╔══

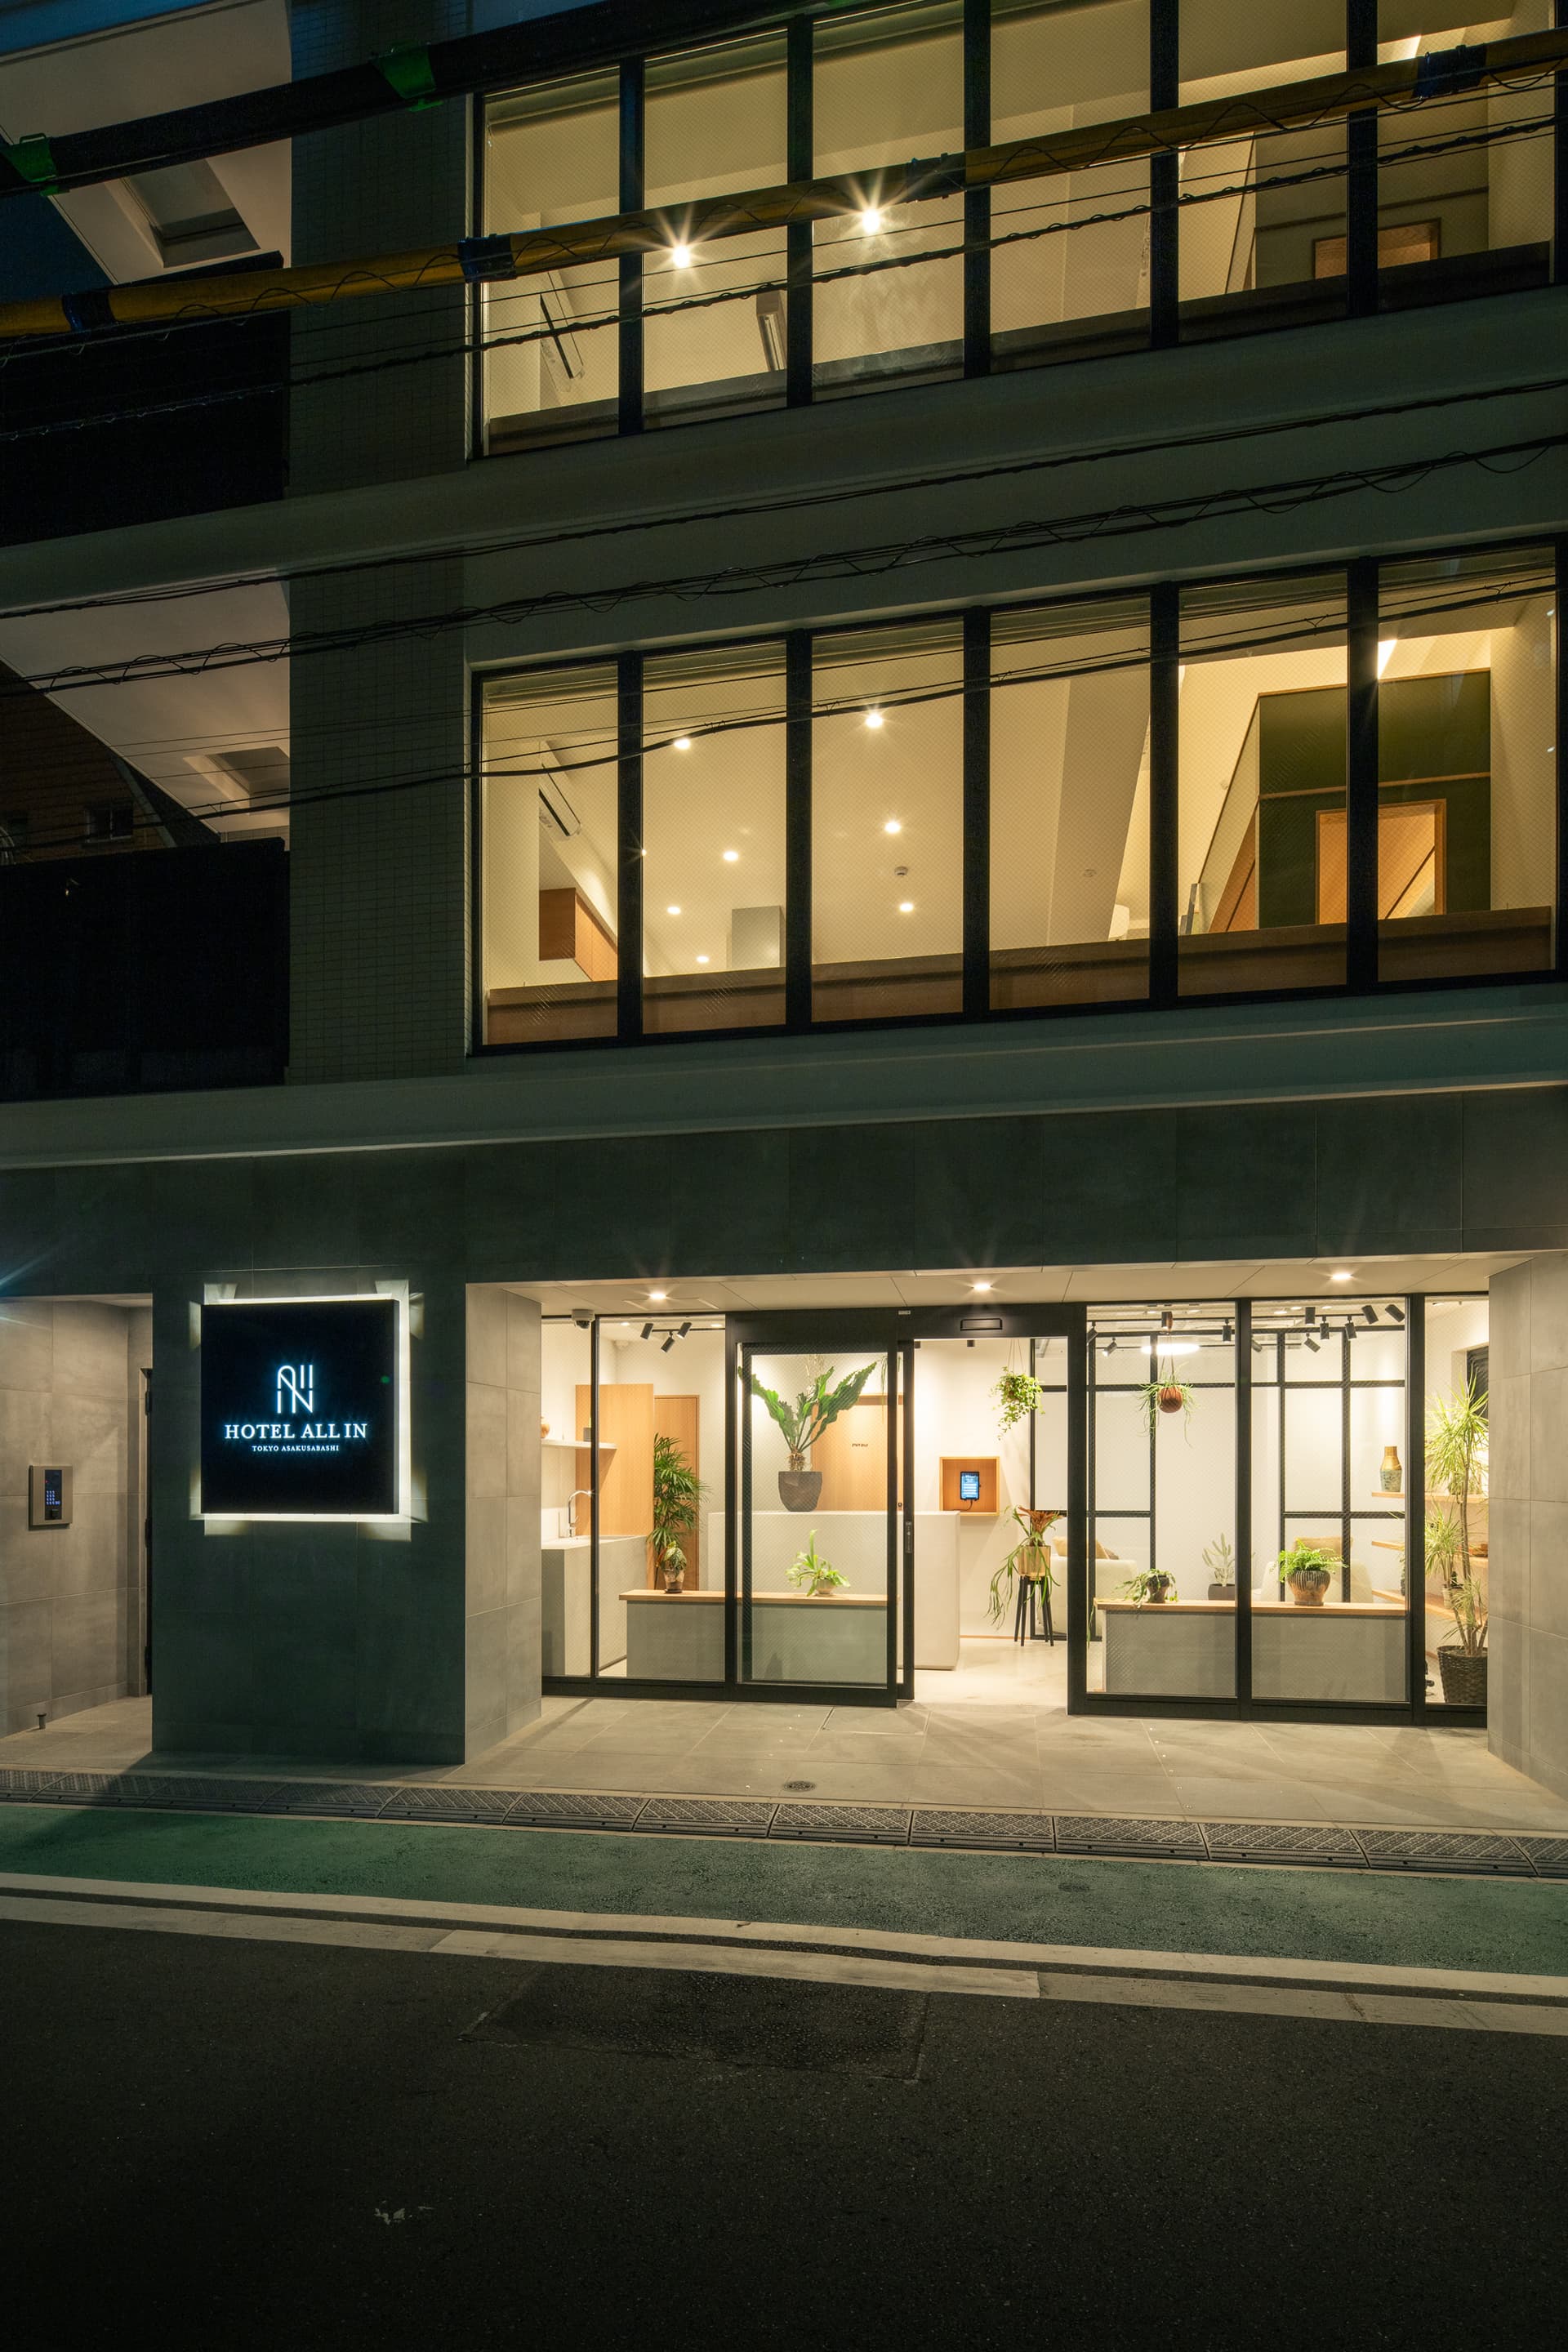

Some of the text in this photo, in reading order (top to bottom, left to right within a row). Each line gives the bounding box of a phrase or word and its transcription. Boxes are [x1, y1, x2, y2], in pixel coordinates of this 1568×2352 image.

[224, 1423, 368, 1440] HOTEL ALL IN
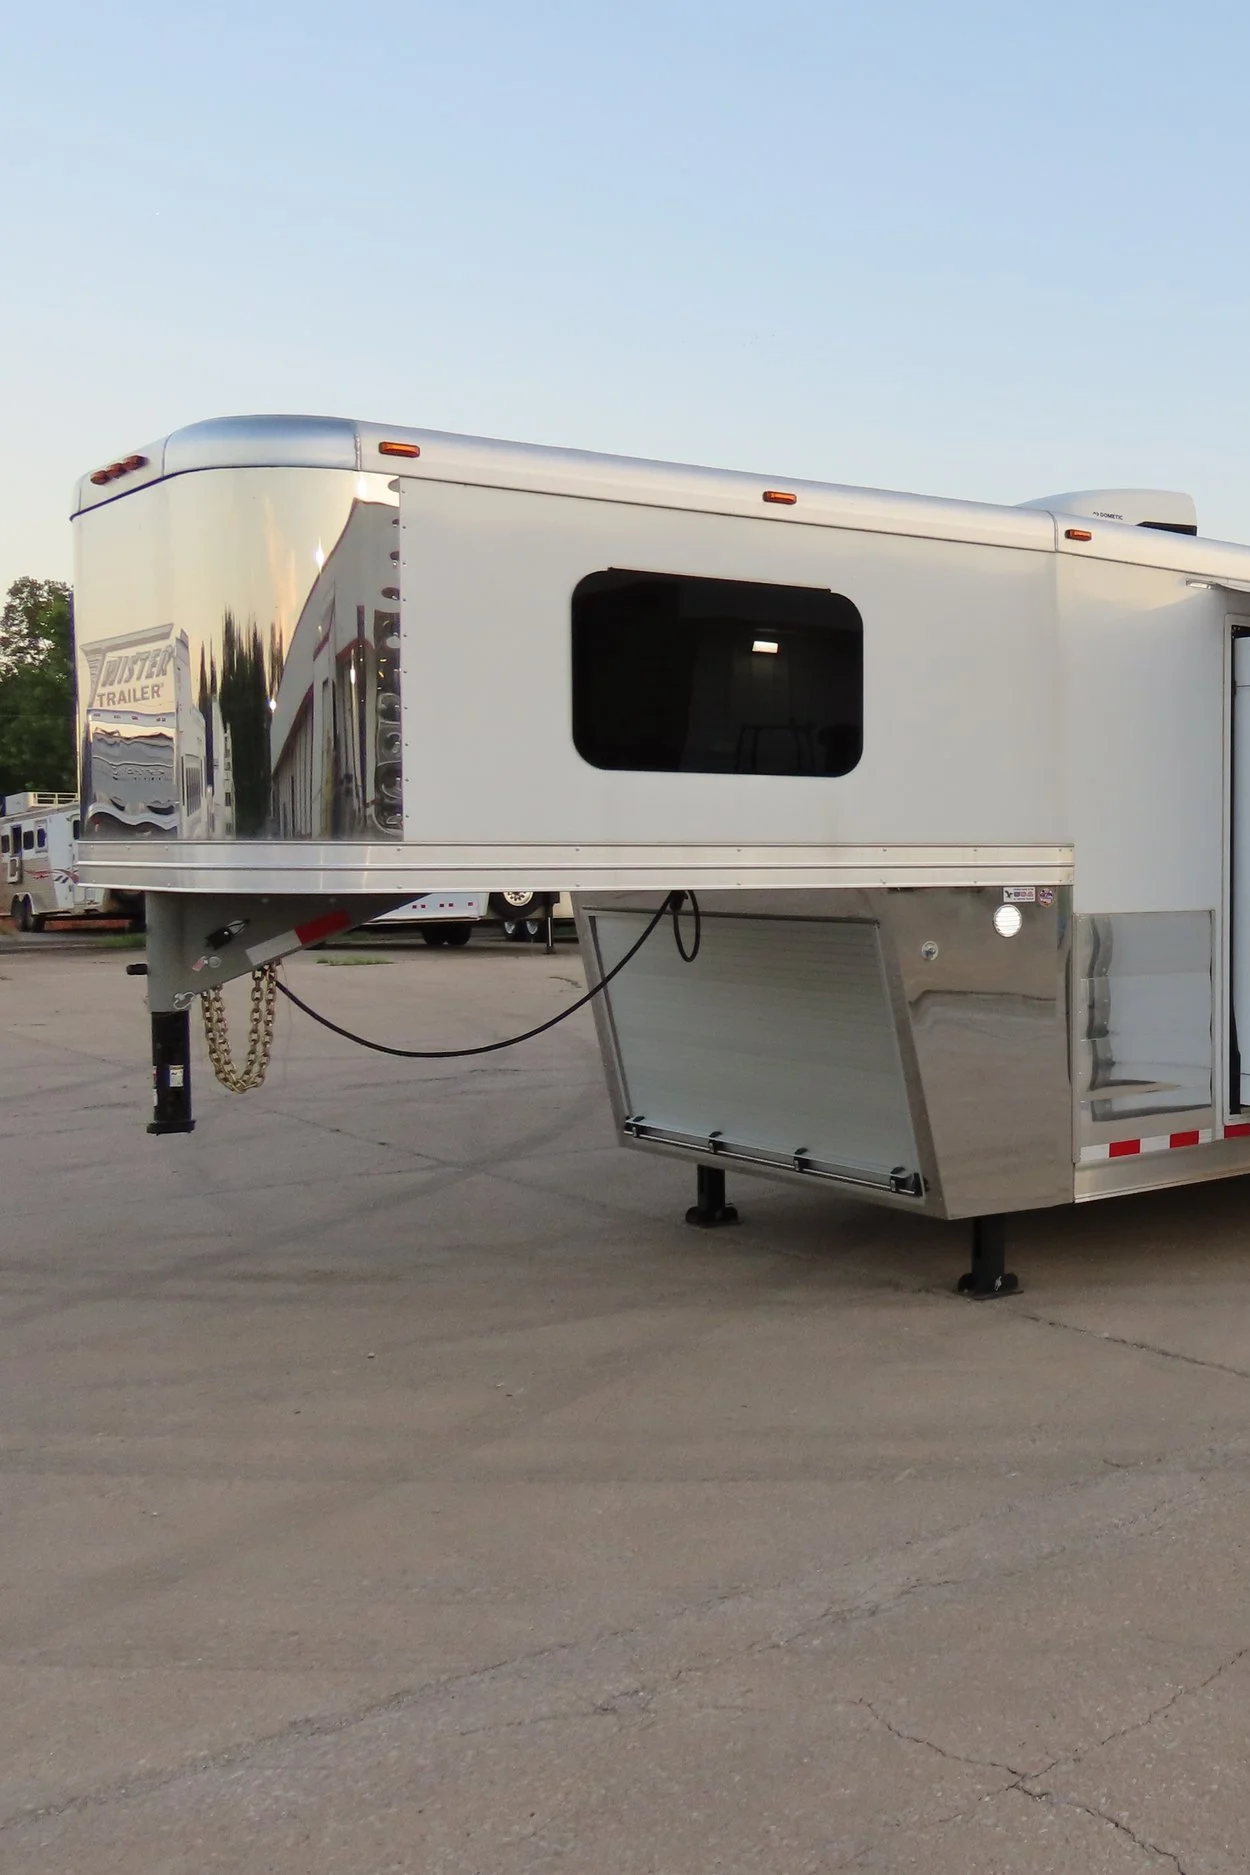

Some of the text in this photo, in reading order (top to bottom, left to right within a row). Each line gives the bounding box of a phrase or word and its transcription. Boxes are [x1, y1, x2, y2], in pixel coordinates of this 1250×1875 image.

[1099, 511, 1124, 521] DOMETIC
[79, 623, 175, 709] TWISTER
[97, 683, 162, 708] TRAILER
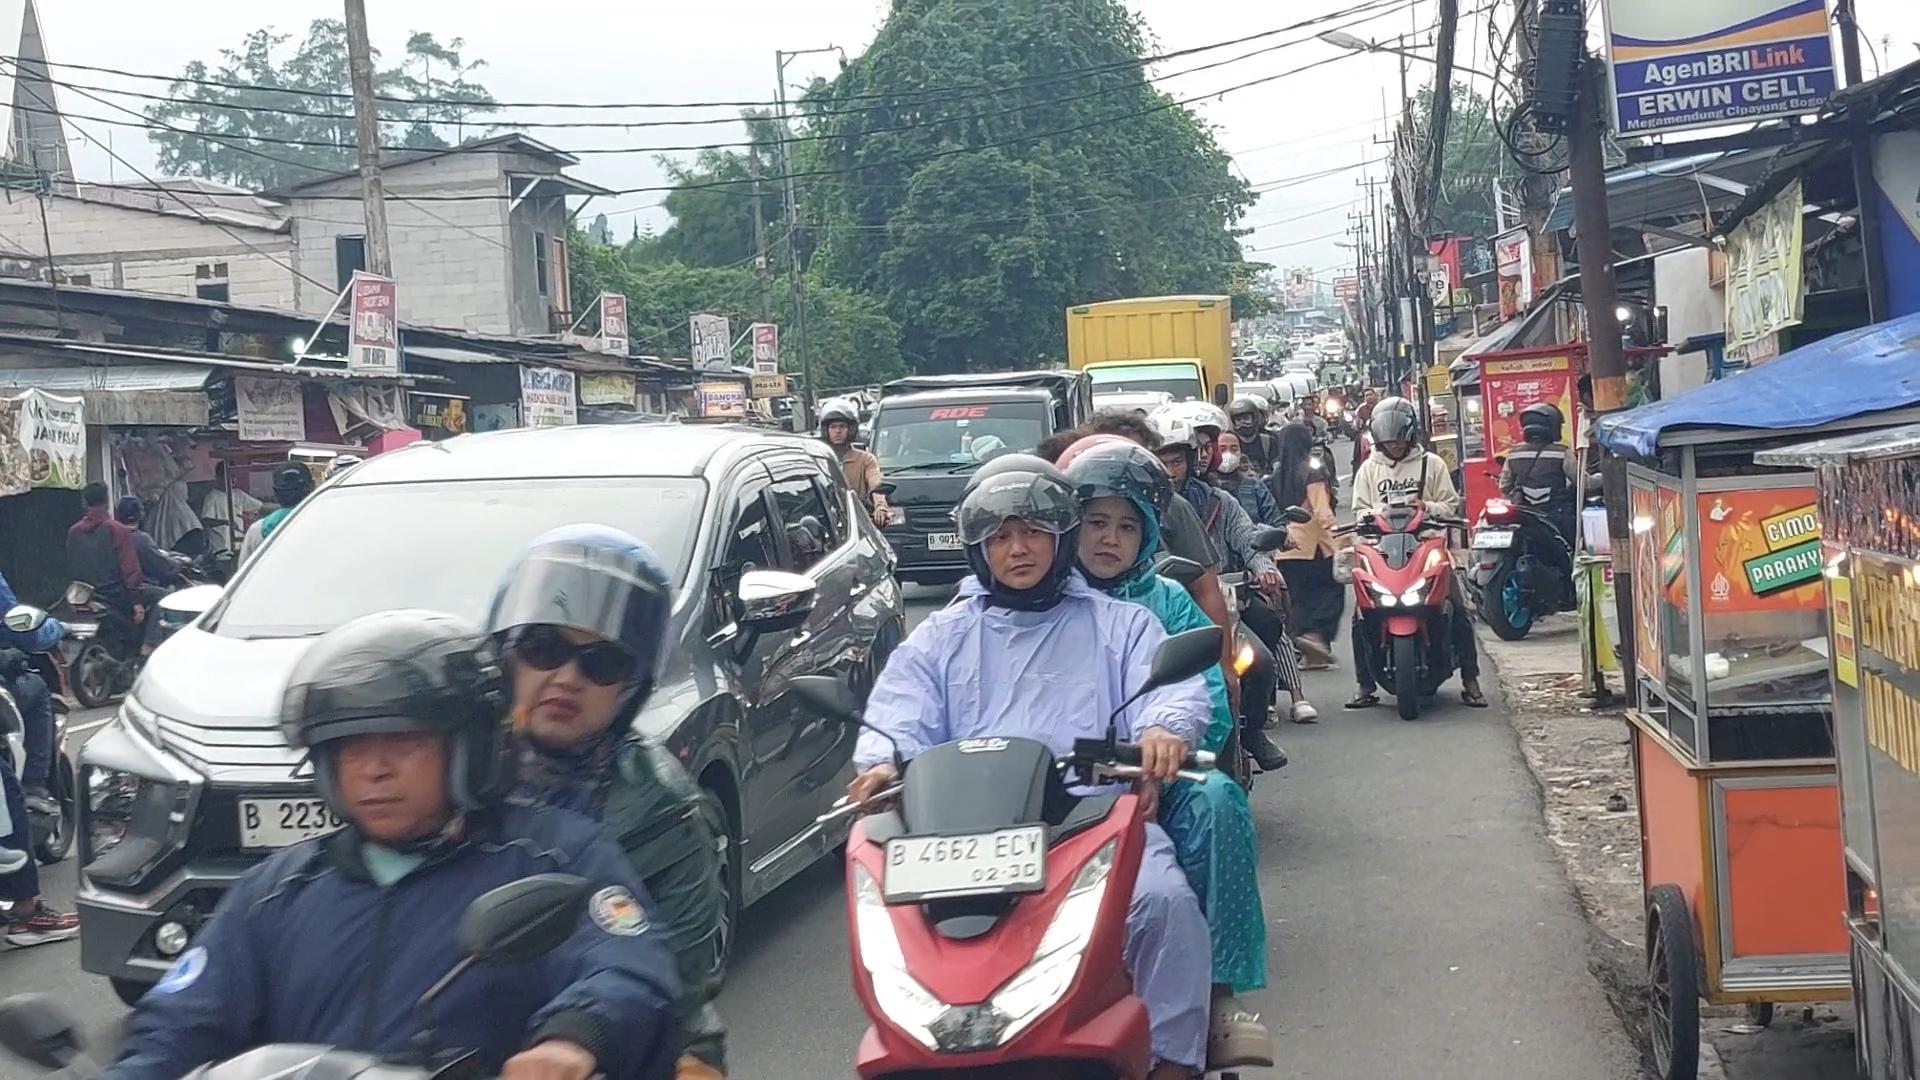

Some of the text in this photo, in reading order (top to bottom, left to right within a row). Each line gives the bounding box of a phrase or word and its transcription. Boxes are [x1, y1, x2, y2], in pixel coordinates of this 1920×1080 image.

[1644, 44, 1805, 85] AgenBRILink
[1637, 76, 1815, 116] ERWIN CELL
[1627, 109, 1724, 130] Megamendung
[1726, 101, 1788, 118] Cipayung
[1767, 511, 1819, 542] CIMO
[244, 803, 261, 830] B
[892, 844, 906, 866] B
[918, 838, 979, 863] 4662

╚══

## Aim of the exercise
The data must be repeated exactly. Any pictures in it are to be left out.

## Response box
Some of the text in this photo, in reading order (top to bottom, left to right within a row). Each line gives the bounding box of a phrase or word and its transcription. Boxes are [x1, y1, x2, y2], in pixel coordinates of this 1568×2352 image.

[224, 1423, 368, 1440] HOTEL ALL IN

Some of the text in this photo, in reading order (top to bottom, left to right within a row). Each line gives the bounding box of a phrase or word and its transcription. Boxes are [x1, y1, x2, y2], in pixel coordinates of this 1250×1875 image.

[1099, 511, 1124, 521] DOMETIC
[79, 623, 175, 709] TWISTER
[97, 683, 162, 708] TRAILER

Some of the text in this photo, in reading order (top to bottom, left to right within a row). Each line gives the bounding box of a phrase or word and its transcription. Boxes are [x1, y1, x2, y2], in pixel coordinates of this 1920×1080 image.

[1644, 44, 1805, 85] AgenBRILink
[1637, 76, 1815, 116] ERWIN CELL
[1627, 109, 1724, 130] Megamendung
[1726, 101, 1788, 118] Cipayung
[1767, 511, 1819, 542] CIMO
[244, 803, 261, 830] B
[892, 844, 906, 866] B
[918, 838, 979, 863] 4662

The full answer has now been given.